Supplied data

[Start of Attachment]

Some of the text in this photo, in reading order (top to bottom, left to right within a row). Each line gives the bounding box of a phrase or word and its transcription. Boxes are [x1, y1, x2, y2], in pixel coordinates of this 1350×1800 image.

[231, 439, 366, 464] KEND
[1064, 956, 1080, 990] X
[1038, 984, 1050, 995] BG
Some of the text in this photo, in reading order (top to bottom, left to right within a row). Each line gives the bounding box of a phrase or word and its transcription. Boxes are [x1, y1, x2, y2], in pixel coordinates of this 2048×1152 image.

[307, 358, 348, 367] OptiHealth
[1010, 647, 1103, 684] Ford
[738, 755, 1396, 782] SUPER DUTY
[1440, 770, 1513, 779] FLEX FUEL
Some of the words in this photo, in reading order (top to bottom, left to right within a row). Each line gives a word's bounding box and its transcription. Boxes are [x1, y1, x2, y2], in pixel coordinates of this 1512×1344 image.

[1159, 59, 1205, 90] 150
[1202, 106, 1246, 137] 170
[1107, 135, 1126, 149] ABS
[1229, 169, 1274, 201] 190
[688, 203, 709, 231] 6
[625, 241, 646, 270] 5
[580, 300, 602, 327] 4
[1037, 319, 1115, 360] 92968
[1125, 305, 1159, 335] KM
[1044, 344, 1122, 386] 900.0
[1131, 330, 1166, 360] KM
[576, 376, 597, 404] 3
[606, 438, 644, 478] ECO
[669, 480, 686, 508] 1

[End of Attachment]

Try it
Would you restate the whole listing word for word?

Answer to the exercise
Some of the text in this photo, in reading order (top to bottom, left to right within a row). Each line gives the bounding box of a phrase or word and its transcription. Boxes are [x1, y1, x2, y2], in pixel coordinates of this 1350×1800 image.

[231, 439, 366, 464] KEND
[1064, 956, 1080, 990] X
[1038, 984, 1050, 995] BG
Some of the text in this photo, in reading order (top to bottom, left to right within a row). Each line gives the bounding box of a phrase or word and its transcription. Boxes are [x1, y1, x2, y2], in pixel coordinates of this 2048×1152 image.

[307, 358, 348, 367] OptiHealth
[1010, 647, 1103, 684] Ford
[738, 755, 1396, 782] SUPER DUTY
[1440, 770, 1513, 779] FLEX FUEL
Some of the words in this photo, in reading order (top to bottom, left to right within a row). Each line gives a word's bounding box and its transcription. Boxes are [x1, y1, x2, y2], in pixel coordinates of this 1512×1344 image.

[1159, 59, 1205, 90] 150
[1202, 106, 1246, 137] 170
[1107, 135, 1126, 149] ABS
[1229, 169, 1274, 201] 190
[688, 203, 709, 231] 6
[625, 241, 646, 270] 5
[580, 300, 602, 327] 4
[1037, 319, 1115, 360] 92968
[1125, 305, 1159, 335] KM
[1044, 344, 1122, 386] 900.0
[1131, 330, 1166, 360] KM
[576, 376, 597, 404] 3
[606, 438, 644, 478] ECO
[669, 480, 686, 508] 1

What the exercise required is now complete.